Date of Award

2015

Document Type

Dissertation

Degree Name

Doctor of Philosophy (PhD)

Department

Materials Science

First Advisor

junru Wu

Second Advisor

Christopher M. Danforth

Abstract

It is well known that some driven systems undergo transitions when a system parameter is changed adiabatically around a critical value. This transition can be the result of a fundamental change in the structure of the phase space, called a bifurcation. Most of these transitions are well classified in the theory of bifurcations. Among the driven systems, spatiotemporally periodic (STP) potentials are noteworthy due to the intimate coupling between their time and spatial components.
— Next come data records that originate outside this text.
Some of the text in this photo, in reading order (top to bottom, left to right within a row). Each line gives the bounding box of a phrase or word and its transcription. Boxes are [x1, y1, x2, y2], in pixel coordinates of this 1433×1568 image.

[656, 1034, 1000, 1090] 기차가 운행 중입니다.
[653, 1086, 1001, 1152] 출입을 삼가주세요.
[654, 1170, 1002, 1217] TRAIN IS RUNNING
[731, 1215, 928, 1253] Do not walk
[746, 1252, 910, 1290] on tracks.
A paradigmatic example of such a system is the Kapitza pendulum, which is a pendulum with an oscillating suspension point. The Kapitza pendulum has the strange property that it will stand stably in the inverted position for certain driving frequencies and amplitudes. A particularly interesting and useful STP system is an array of parallel electrodes driven with an AC electrical potential such that adjacent electrodes are 180 degrees out of phase. Such an electrode array embedded in a surface is called an Electric Curtain (EC). As we will show, by using two ECs and a quadrupole trap it is posible to produce an electric potential simular in form to that of the Kapitza pendulum.
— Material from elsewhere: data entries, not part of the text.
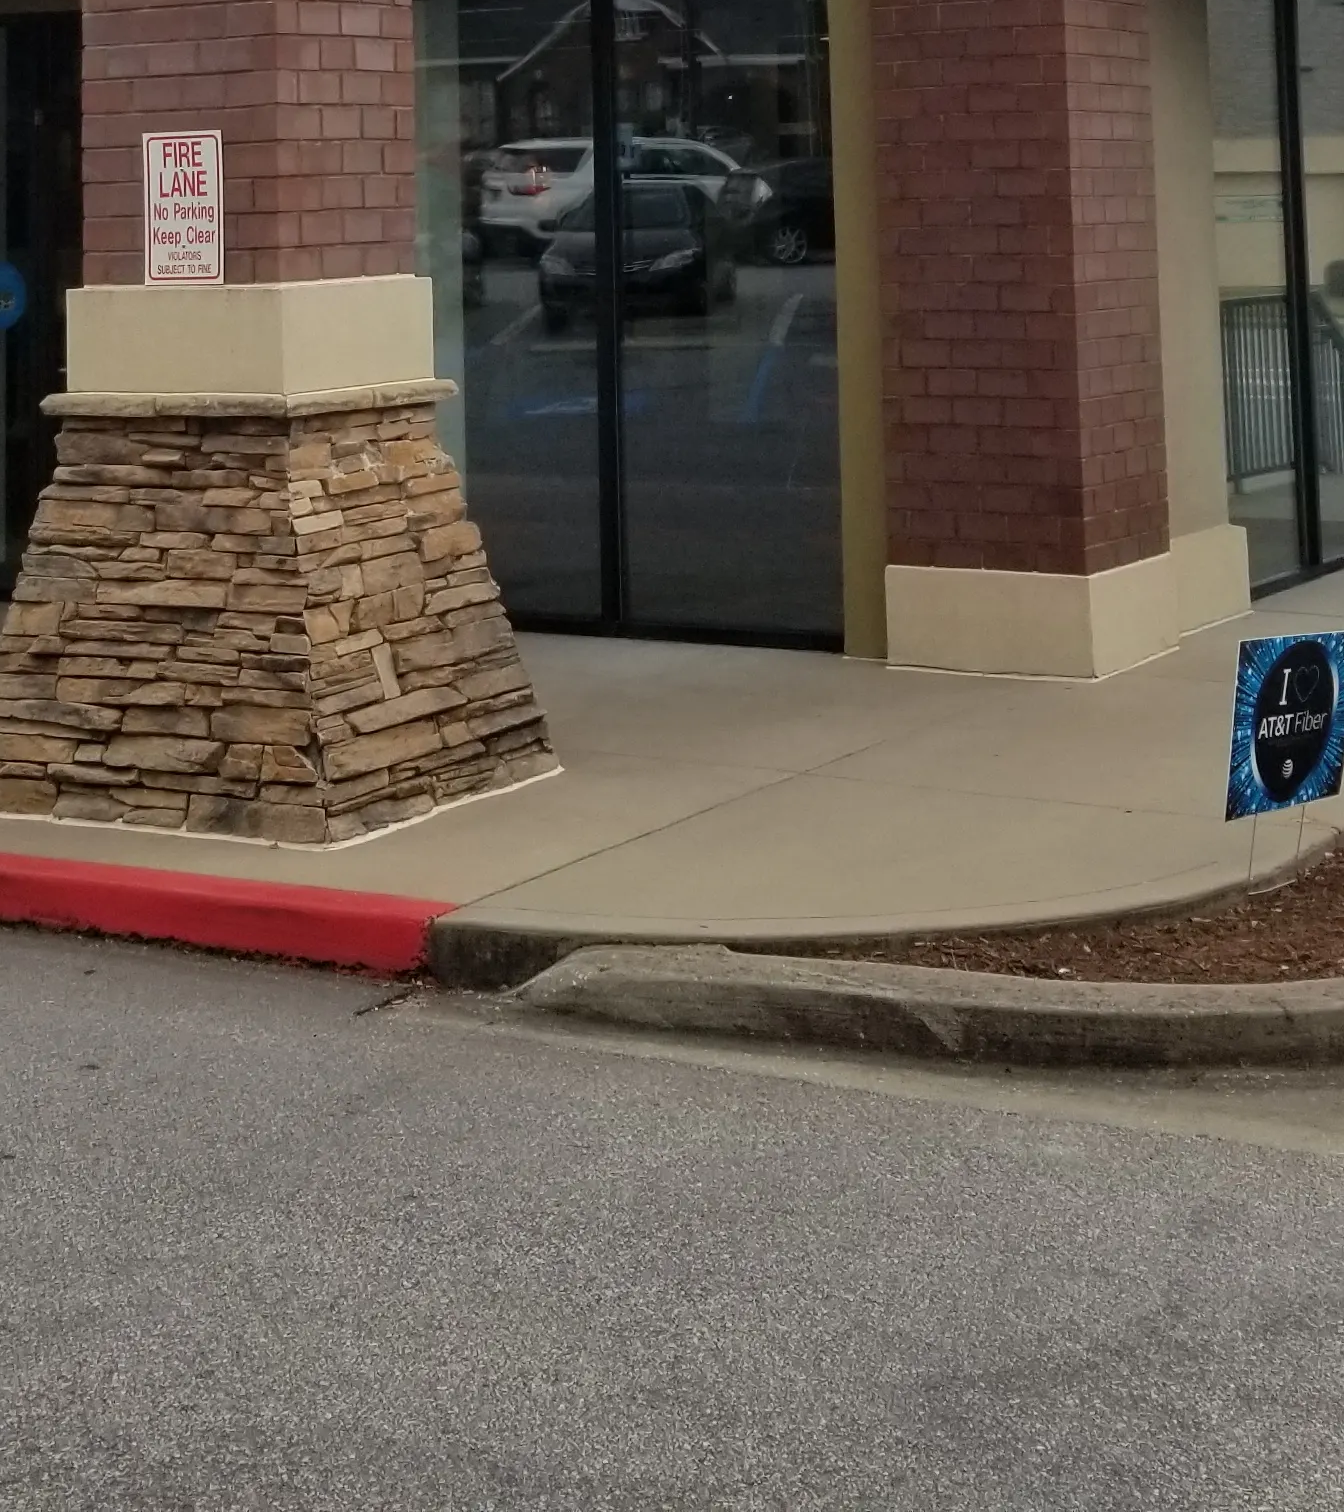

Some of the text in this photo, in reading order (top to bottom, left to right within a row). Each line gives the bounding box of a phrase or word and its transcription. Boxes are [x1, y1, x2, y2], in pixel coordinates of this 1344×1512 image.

[162, 141, 203, 169] FIRE
[159, 171, 208, 198] LANE
[154, 201, 215, 223] No Parking
[153, 225, 216, 248] Keep Clear
[168, 251, 202, 261] VIOLATORS
[157, 263, 212, 275] SUBJECT TO FINE
[1278, 668, 1292, 706] I
[1258, 711, 1329, 740] AT&T Fiber
Here I will present the results of four related pieces of work, each focused on understanding the behaviors STP systems, long-range interacting particles, and long-range interacting particles in STP systems. I will begin with a discussion on the experimental results of the EC as applied to the cleaning of solar panels in extraterrestrial environments, and as a way to produce a novel one-dimensional multiparticle STP potential. Then I will present a numerical investigation and dynamical systems analysis of the dynamics that may be possible in an EC. Moving to a simpler model in order to explore the rudimentary physics of coulomb interactions in a STP potential, I will show that the tools of statistical mechanics may be important to the study of such systems to understand transitions that fall outside of bifurcation theory. Though the Coulomb and, similarly, gravitational interactions of particles are prevalent in nature, these long-range interactions are not well understood from a statistical mechanics perspective because they are not extensive or additive. Finally, I will present a simple model for understanding long-range interacting pendula, finding interesting non-equilibrium behavior of the pendula angles. Namely, that a quasistationary clustered state can exist when the angles are initially ordered by their index.

Language

en

Number of Pages

176 p.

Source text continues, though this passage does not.